▸ What to produce
Set the pictures aside and transcribe exactly the lines from the one containing "Some of the text" through the final line of the records.

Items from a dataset
========
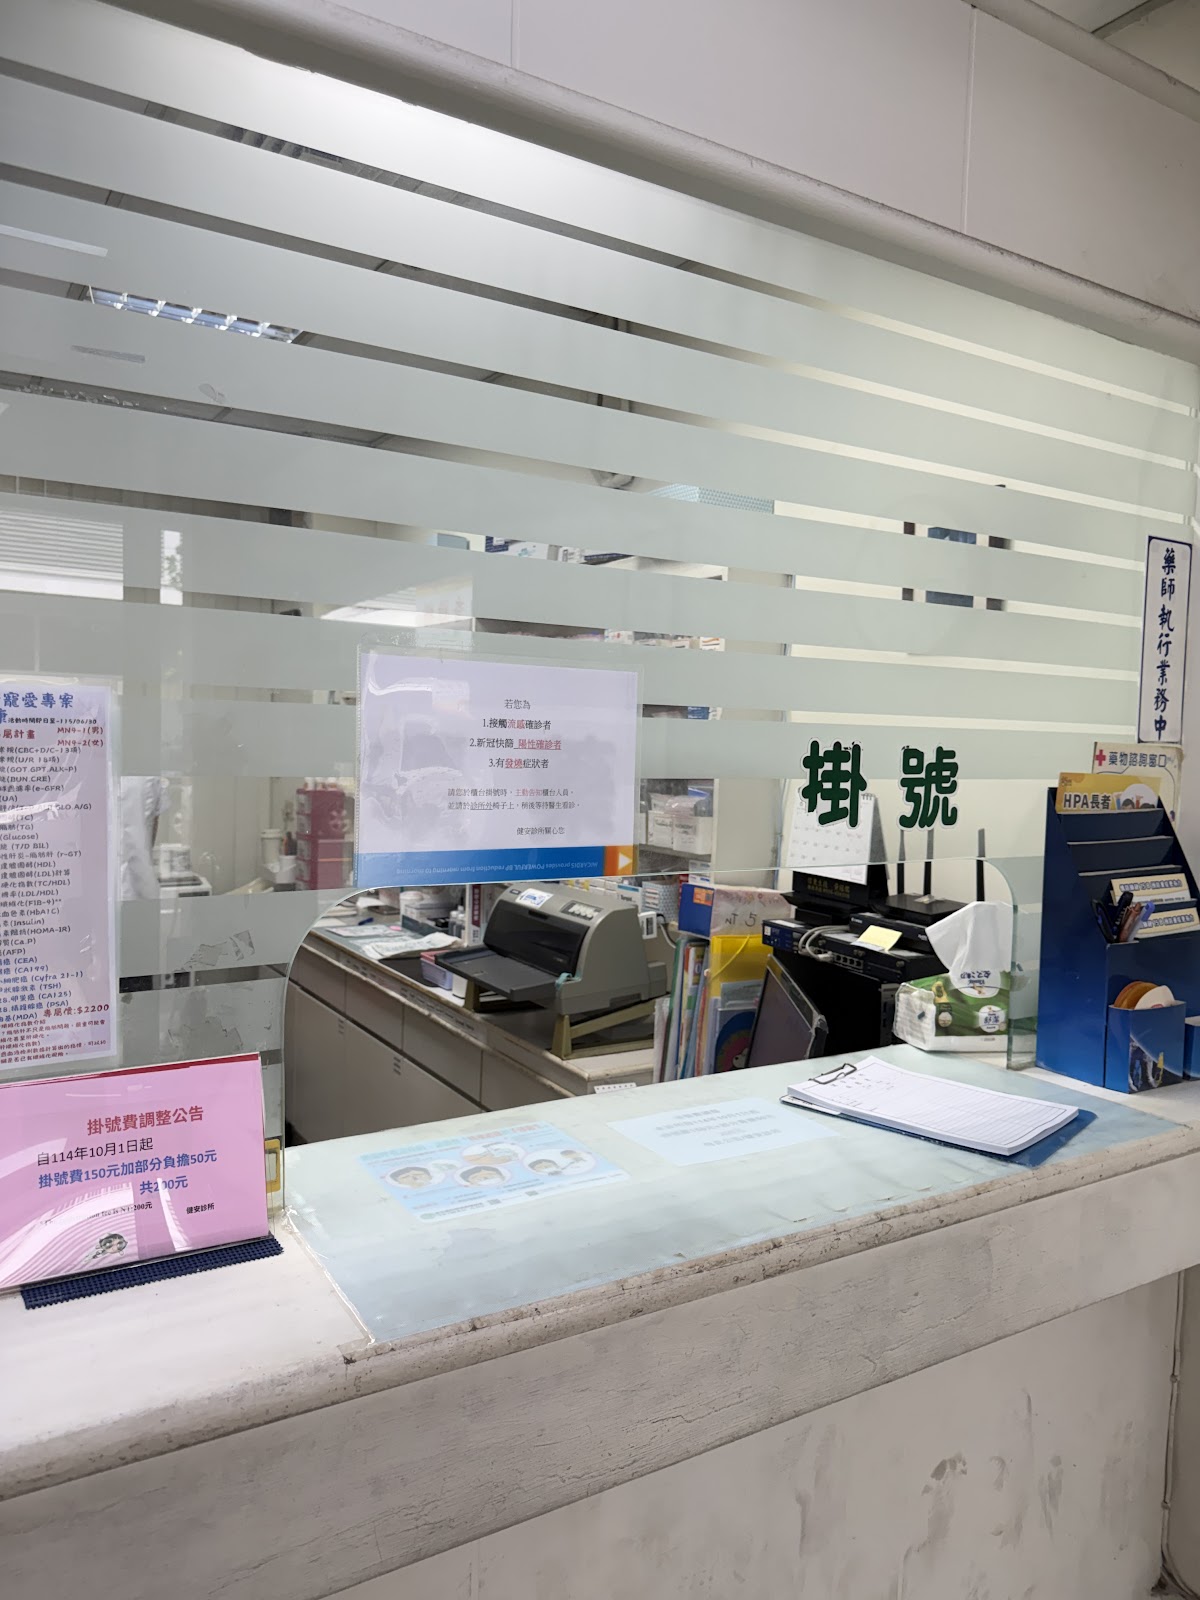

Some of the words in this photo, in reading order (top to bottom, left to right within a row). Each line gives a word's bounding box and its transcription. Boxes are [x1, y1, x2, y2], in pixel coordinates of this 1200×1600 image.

[1154, 548, 1176, 740] 藥師執行業務中
[0, 692, 73, 708] 寵愛專案
[504, 700, 530, 710] 若您為
[483, 718, 551, 730] 1.接觸流感確診者
[0, 729, 35, 740] 屬計畫
[489, 758, 549, 769] 3.有發燒症狀者
[1109, 752, 1166, 767] 藥物諮詢窗口
[801, 738, 959, 829] 掛號
[1064, 794, 1111, 809] HPA長者
[517, 827, 565, 835] 健安診所關心您
[0, 908, 59, 918] 血色素(HbA1C)
[0, 918, 44, 927] 素(Insulin)
[0, 926, 70, 937] 素阻抗(HOMA-IR)
[0, 948, 25, 956] (AFP)
[87, 1105, 204, 1136] 掛號費調整公告
[38, 1138, 154, 1166] 自114年10月1日起
[38, 1150, 217, 1189] 掛號費150元加部分負擔50元
[186, 1202, 215, 1214] 健安診所
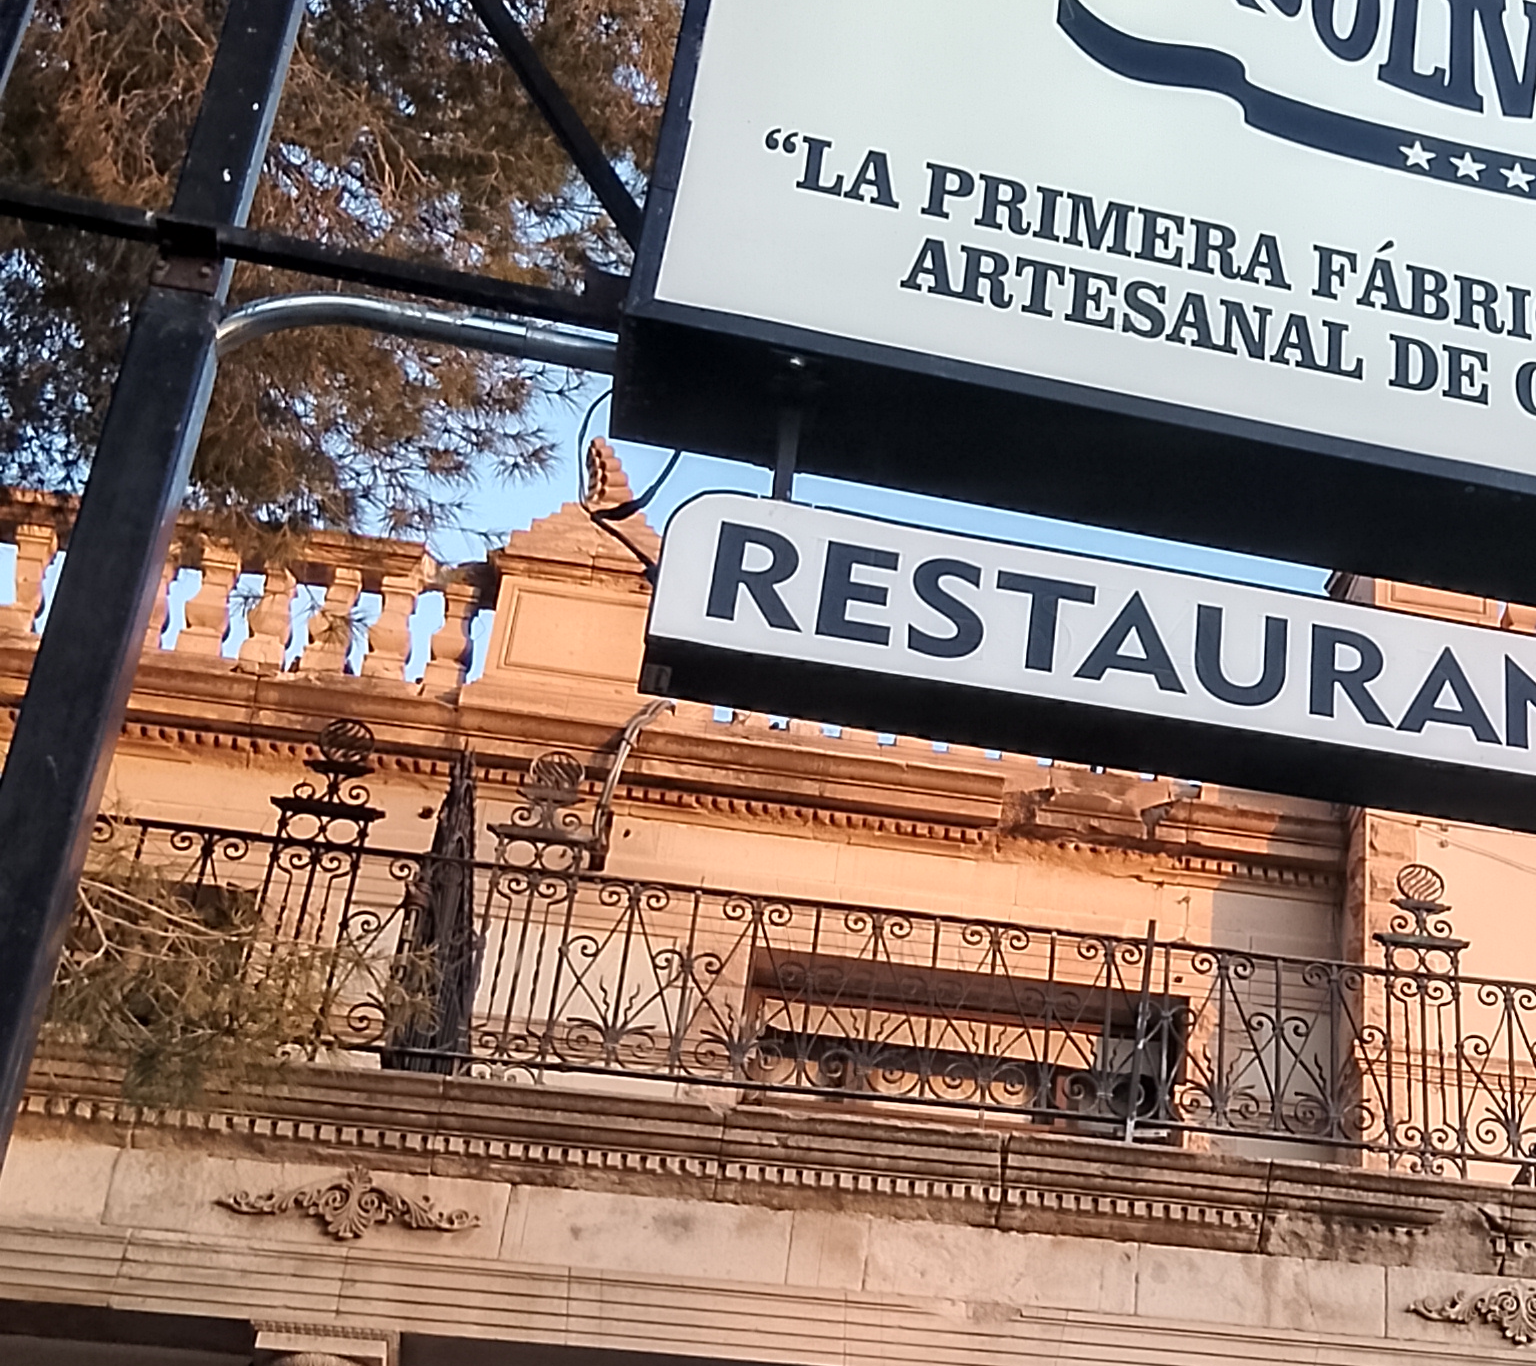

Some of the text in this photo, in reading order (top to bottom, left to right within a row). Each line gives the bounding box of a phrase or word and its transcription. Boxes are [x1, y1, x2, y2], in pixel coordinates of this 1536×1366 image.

[765, 128, 899, 209] “LA
[920, 162, 1291, 290] PRIMERA
[900, 237, 1363, 381] ARTESANAL
[1388, 333, 1490, 405] DE
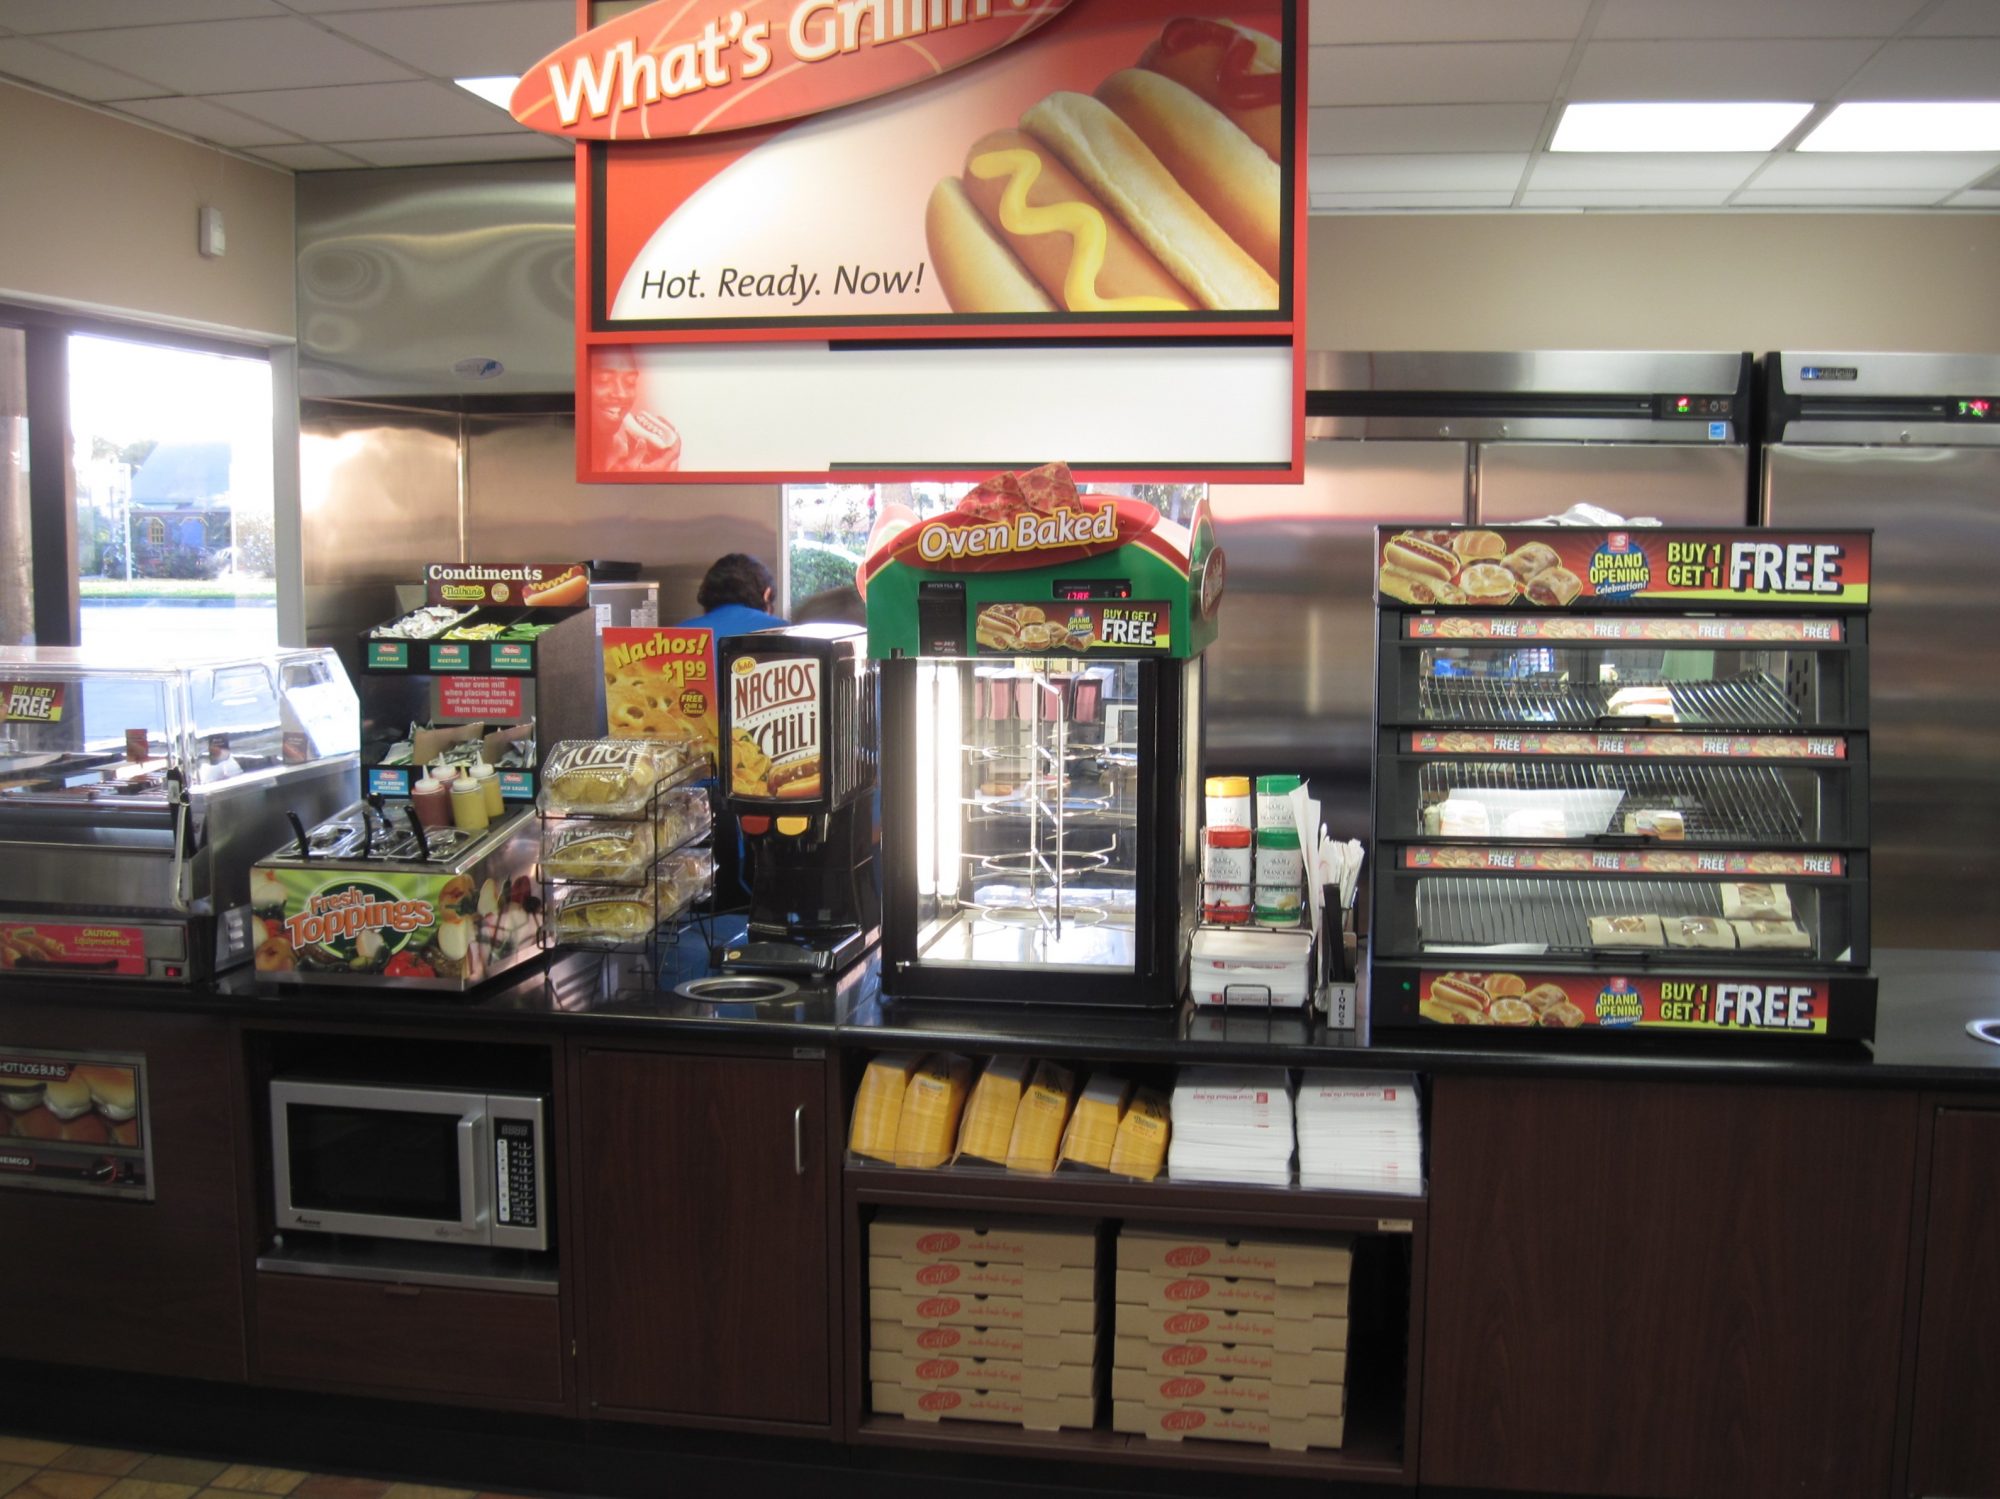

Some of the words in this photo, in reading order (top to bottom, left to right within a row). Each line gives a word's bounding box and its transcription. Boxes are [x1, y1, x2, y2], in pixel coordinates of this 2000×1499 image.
========
▸ Response area
Some of the text in this photo, in reading order (top to bottom, left to right within a row). Each line gives the bounding box of a phrase or word and its transcription. Boxes are [x1, y1, x2, y2], in pixel coordinates of this 1536×1366 image.

[765, 128, 899, 209] “LA
[920, 162, 1291, 290] PRIMERA
[900, 237, 1363, 381] ARTESANAL
[1388, 333, 1490, 405] DE

Some of the words in this photo, in reading order (top to bottom, left to right within a row). Each line gives a word's bounding box and its transcription. Boxes are [x1, y1, x2, y2], in pixel coordinates of this 2000×1499 image.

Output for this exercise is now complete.